Mourão é general da reserva do Exército e, no mês passado, defendeu o respeito às regras das Forças Armadas que vedam a participação dos militares em atos políticos. O vice-presidente disse que a aplicação de uma punição poderia evitar "que a anarquia se instaure" nas corporações militares.

"A regra tem que ser aplicada para evitar que a anarquia se instaure dentro das Forças, porque, assim como tem gente que é simpática ao governo, tem gente que não é. Então, cada um tem que permanecer dentro da linha que as Forças Armadas têm que adotar. As Forças Armadas são apartidárias. Elas não têm partido. O partido das Forças Armadas é o Brasil", disse Mourão em entrevista no dia 27 de maio.

Pazuello respondeu a processo disciplinar no Exército por ter participado de um passeio motociclístico pró-Bolsonaro no último dia 23, no Rio de Janeiro. Sem máscara, o ex-ministro da Saúde subiu em um carro de som com Bolsonaro e chegou a fazer um breve discurso.

No dia seguinte ao evento, Mourão declarou em entrevista que Pazuello tinha conversado com seus superiores ciente de que “cometeu um erro” e que provavelmente o ex-ministro seria punido – a pena iria de advertência a prisão.

"Eu já sei que o Pazuello já entrou em contato com o comandante informando ali, colocando a cabeça dele no cutelo, entendendo que ele cometeu um erro", afirmou Mourão na ocasião.

Caso Pazuello

O Exército anunciou nesta quinta que o comandante da Força, general Paulo Sérgio Nogueira, decidiu arquivar o processo administrativo de Pazuello por entender que não houve transgressão disciplinar do general da ativa ao comparecer ao ato pró-governo ao lado do presidente.

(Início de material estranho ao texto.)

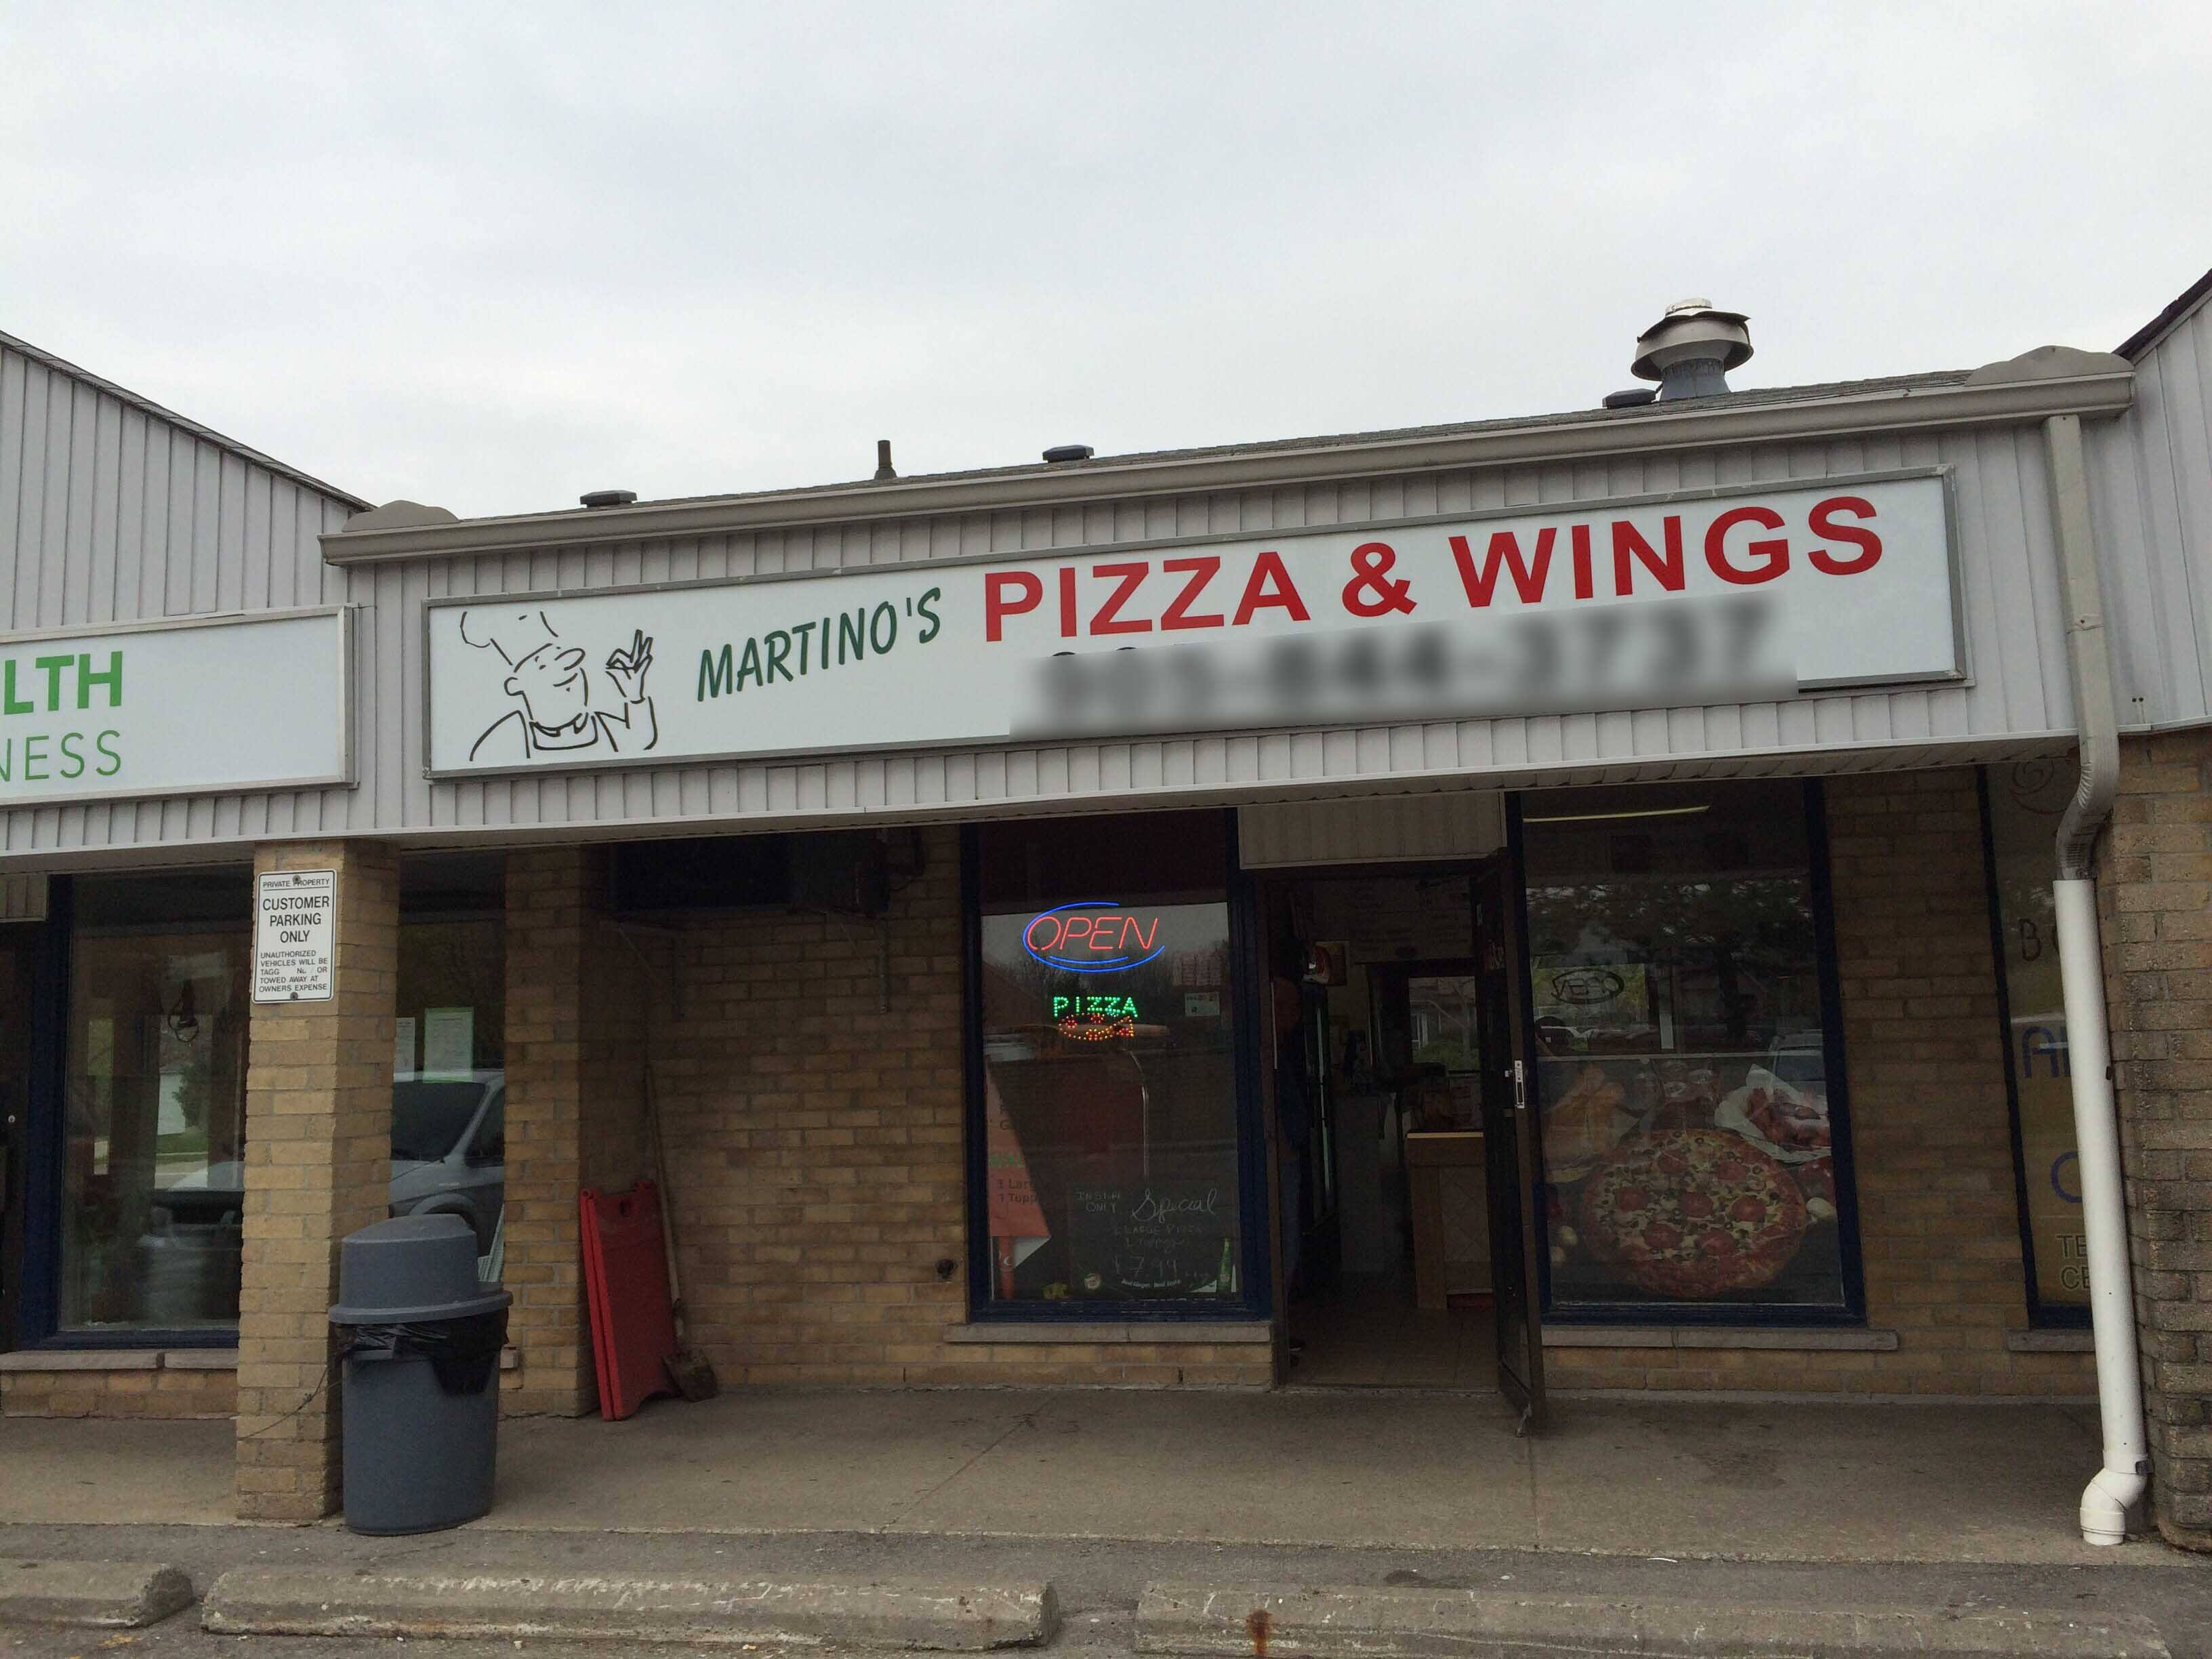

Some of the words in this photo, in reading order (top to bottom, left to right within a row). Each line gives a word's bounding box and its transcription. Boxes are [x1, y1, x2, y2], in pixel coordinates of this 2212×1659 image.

Na ocasião, Pazuello discursou em cima de um carro de som.

Pazuello infringiu o Regulamento Disciplinar do Exército, que considera transgressão “manifestar-se, publicamente, o militar da ativa, sem que esteja autorizado, a respeito de assuntos de natureza político-partidária".

O estatuto dos militares também proíbe “quaisquer manifestações coletivas, tanto sobre atos de superiores quanto as de caráter reivindicatório ou político." No entanto, o comandante do Exército acatou a defesa de Pazuello, que argumentou não ter ido a evento político-partidário porque o país não está em período eleitoral e porque Bolsonaro não é filiado a partido político.

Pazuello é general (três estrelas) da ativa do Exército e comandou por quase um ano o Ministério da Saúde, sendo demitido por Bolsonaro em março, quando o presidente escolheu o médico Marcelo Queiroga para assumir a pasta – o quarto ministro desde o início da pandemia em 2020.

O general chegou a ser reincorporado ao Exército e ficou lotado na Secretaria-Geral da Força até ser nomeado nesta semana para um novo cargo no governo Bolsonaro. Pazuello assumiu o posto de secretário de Estudos Estratégicos da Secretaria de Assuntos Estratégicas (SAE), estrutura vinculada à Presidência da República e que funciona no Palácio do Planalto.